The discovery of Columbus by the Arawaks was fortuitous as the three ships might have made landfall almost anywhere else on the continent that lay between the explorers’ intended destination in eastern Asia. The random meeting had deadly consequences for the tribal people who had cheerfully welcomed their strange visitors.
The nearly naked Arawaks were fascinated by the clothing covering the entire body of their strange visitors, but particularly by the metal armor the soldiers wore.
At ease in their land and their bodies, they didn’t realize the murderous potential of these armored men whose steel didn’t just cover and protect their corporeal beings.
The invaders also possessed heavily armored personalities—extensions of an eons old culture of domination and submission, of hierarchy patriarchy, state society, acquisitiveness as substitute for intimacy, symbolism replacing living life directly.

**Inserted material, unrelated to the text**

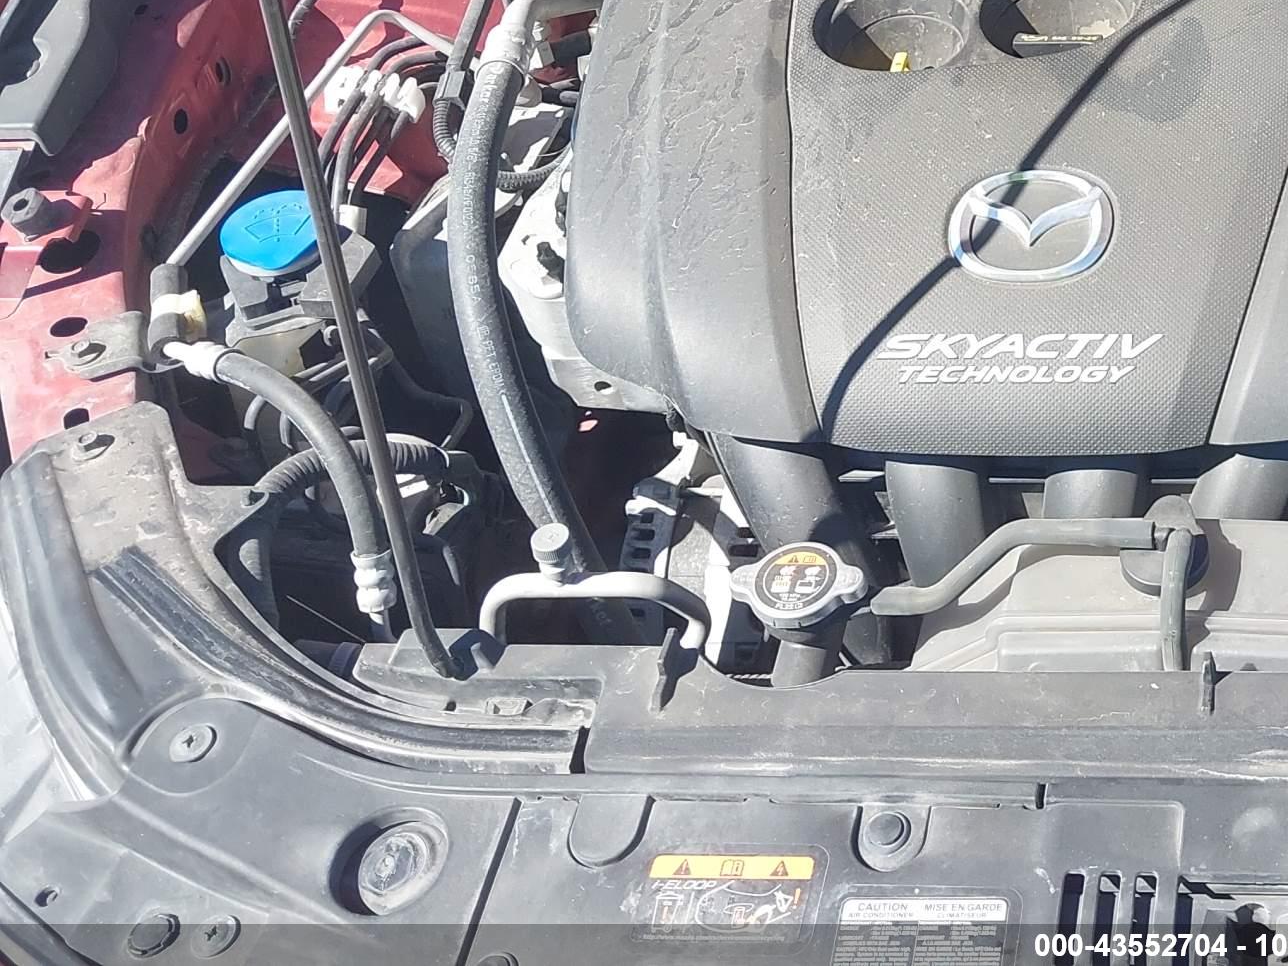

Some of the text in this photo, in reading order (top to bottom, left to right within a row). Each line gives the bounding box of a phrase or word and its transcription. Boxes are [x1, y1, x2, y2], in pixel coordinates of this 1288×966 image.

[876, 333, 1166, 360] SKYACTIV
[898, 365, 1136, 385] TECHNOLOGY
[857, 902, 909, 912] CAUTION
[924, 903, 1003, 912] MISE EN GARDE

An inferior culture met a superior culture, but the rigidity and arrogance of Columbus and his men blinded them to the reality of their historic encounter.
Rather than shedding their clothing and armor, stopping their obsessive search for gold, ceasing Columbus’s desire to possess every piece of land or water he saw by naming it in honor of their horrid religion, they saw these gentle people as objects to be eliminated or enslaved, their land to be confiscated, and their wealth to be looted.
They thus destroyed the opportunity they must have at least vaguely glimpsed that offered them a chance for psychic revolt and renewal from the pathogen of European culture they carried with them. Columbus and his men could have shed their emotional and metal armor and embraced the people as the New World rather than the land.